** EXERCISE DESCRIPTION **
Nothing should be left out: repeat all the data exactly.

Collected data
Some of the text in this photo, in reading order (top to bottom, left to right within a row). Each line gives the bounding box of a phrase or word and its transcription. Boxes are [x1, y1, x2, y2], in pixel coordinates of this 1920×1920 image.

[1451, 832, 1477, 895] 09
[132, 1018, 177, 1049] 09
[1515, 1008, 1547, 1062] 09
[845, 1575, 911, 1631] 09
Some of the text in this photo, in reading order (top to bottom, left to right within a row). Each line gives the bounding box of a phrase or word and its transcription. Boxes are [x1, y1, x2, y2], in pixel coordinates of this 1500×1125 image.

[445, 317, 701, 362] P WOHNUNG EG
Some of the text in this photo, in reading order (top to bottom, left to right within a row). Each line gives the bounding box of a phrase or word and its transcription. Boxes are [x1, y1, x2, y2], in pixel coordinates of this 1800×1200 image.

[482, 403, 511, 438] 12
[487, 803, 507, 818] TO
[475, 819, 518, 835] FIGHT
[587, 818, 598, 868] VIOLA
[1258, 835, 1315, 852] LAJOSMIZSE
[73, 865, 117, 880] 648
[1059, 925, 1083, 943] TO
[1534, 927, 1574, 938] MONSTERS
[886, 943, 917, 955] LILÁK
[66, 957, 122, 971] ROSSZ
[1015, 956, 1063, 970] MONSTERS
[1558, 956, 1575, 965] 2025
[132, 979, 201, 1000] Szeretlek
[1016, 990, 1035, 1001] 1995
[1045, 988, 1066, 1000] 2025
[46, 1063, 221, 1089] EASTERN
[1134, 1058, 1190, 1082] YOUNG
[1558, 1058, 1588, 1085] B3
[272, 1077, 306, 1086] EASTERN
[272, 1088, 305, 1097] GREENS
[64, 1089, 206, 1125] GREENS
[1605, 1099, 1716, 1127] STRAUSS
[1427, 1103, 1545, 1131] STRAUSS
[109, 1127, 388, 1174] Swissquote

** SOLUTION **
Some of the text in this photo, in reading order (top to bottom, left to right within a row). Each line gives the bounding box of a phrase or word and its transcription. Boxes are [x1, y1, x2, y2], in pixel coordinates of this 1920×1920 image.

[1451, 832, 1477, 895] 09
[132, 1018, 177, 1049] 09
[1515, 1008, 1547, 1062] 09
[845, 1575, 911, 1631] 09
Some of the text in this photo, in reading order (top to bottom, left to right within a row). Each line gives the bounding box of a phrase or word and its transcription. Boxes are [x1, y1, x2, y2], in pixel coordinates of this 1500×1125 image.

[445, 317, 701, 362] P WOHNUNG EG
Some of the text in this photo, in reading order (top to bottom, left to right within a row). Each line gives the bounding box of a phrase or word and its transcription. Boxes are [x1, y1, x2, y2], in pixel coordinates of this 1800×1200 image.

[482, 403, 511, 438] 12
[487, 803, 507, 818] TO
[475, 819, 518, 835] FIGHT
[587, 818, 598, 868] VIOLA
[1258, 835, 1315, 852] LAJOSMIZSE
[73, 865, 117, 880] 648
[1059, 925, 1083, 943] TO
[1534, 927, 1574, 938] MONSTERS
[886, 943, 917, 955] LILÁK
[66, 957, 122, 971] ROSSZ
[1015, 956, 1063, 970] MONSTERS
[1558, 956, 1575, 965] 2025
[132, 979, 201, 1000] Szeretlek
[1016, 990, 1035, 1001] 1995
[1045, 988, 1066, 1000] 2025
[46, 1063, 221, 1089] EASTERN
[1134, 1058, 1190, 1082] YOUNG
[1558, 1058, 1588, 1085] B3
[272, 1077, 306, 1086] EASTERN
[272, 1088, 305, 1097] GREENS
[64, 1089, 206, 1125] GREENS
[1605, 1099, 1716, 1127] STRAUSS
[1427, 1103, 1545, 1131] STRAUSS
[109, 1127, 388, 1174] Swissquote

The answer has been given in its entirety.